MHB Is the Integral \int^0_{-\infty} \frac{1}{3 - 4x} dx Divergent or Convergent?

[shamieh]

Determine whether the integral is Divergent or Convergent$$\int^0_{-\infty} \frac{1}{3 - 4x} dx$$

I did a u substitution and got

$$\lim_{a\to\infty} -\frac{1}{4}\sqrt{3} + \frac{1}{4}\sqrt{3 - 4a}$$

So is because the $$-\infty$$ is under the square root is it going to be divergent?

I have $$\frac{1}{4}\sqrt{3 - 4\infty}$$

 

[Prove It]

Determine whether the integral is Divergent or Convergent$$\int^0_{-\infty} \frac{1}{3 - 4x} dx$$

I did a u substitution and got

$$\lim_{a\to\infty} -\frac{1}{4}\sqrt{3} + \frac{1}{4}\sqrt{3 - 4a}$$

So is because the $$-\infty$$ is under the square root is it going to be divergent?

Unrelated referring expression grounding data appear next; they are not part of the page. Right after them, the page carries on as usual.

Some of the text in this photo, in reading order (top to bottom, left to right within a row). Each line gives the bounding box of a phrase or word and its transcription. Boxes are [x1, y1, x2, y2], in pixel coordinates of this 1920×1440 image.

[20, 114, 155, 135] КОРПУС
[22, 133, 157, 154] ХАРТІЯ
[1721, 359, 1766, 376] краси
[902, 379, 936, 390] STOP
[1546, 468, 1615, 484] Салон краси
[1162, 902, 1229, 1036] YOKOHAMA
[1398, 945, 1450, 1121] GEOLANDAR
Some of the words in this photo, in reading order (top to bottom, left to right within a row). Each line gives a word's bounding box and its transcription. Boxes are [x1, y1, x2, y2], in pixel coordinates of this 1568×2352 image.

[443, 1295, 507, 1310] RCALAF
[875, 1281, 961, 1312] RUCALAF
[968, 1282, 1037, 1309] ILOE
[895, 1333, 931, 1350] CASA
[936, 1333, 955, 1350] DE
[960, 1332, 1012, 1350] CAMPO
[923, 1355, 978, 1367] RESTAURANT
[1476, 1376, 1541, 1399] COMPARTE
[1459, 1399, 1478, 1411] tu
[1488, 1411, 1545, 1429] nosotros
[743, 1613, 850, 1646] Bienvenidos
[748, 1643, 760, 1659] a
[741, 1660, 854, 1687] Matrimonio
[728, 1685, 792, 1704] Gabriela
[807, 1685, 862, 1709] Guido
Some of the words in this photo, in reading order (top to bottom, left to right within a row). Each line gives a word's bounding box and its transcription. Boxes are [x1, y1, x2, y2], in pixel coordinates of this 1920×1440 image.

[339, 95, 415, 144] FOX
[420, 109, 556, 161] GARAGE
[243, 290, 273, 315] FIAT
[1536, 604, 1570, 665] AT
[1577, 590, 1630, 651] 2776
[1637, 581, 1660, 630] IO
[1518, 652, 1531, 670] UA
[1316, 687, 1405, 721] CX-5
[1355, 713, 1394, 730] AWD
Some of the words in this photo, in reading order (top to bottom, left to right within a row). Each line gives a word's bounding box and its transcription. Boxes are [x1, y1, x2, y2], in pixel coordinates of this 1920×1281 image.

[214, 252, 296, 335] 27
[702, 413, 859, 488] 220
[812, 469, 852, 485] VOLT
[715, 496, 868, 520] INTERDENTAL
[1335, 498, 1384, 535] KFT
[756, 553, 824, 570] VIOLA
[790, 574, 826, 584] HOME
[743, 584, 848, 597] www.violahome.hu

I have $$\frac{1}{4}\sqrt{3 - 4\infty}$$

Yes it is divergent.

 

[MarkFL]

It is divergent, but not for the reason you cite. I would first use the substitution:

$$u=3-4x\,\therefore\,du=-4\,dx$$ and our integral becomes:

$$I=-\frac{1}{4}\int_{\infty}^3\frac{du}{u}$$

Applying the rule $$-\int_b^a f(x)\,dx=\int_a^b f(x)\,dx$$ we obtain:

$$I=\frac{1}{4}\int_3^{\infty}\frac{du}{u}$$

Now, since this is an improper integral, we may write:

$$I=\frac{1}{4}\lim_{t\to\infty}\left[\int_3^t\frac{du}{u} \right]$$

Applying the FTOC, and a property of logarithms, we find:

$$I=\frac{1}{4}\lim_{t\to\infty}\left(\ln\left(\frac{t}{3} \right) \right)=\infty$$

Thus, the given integral is divergent.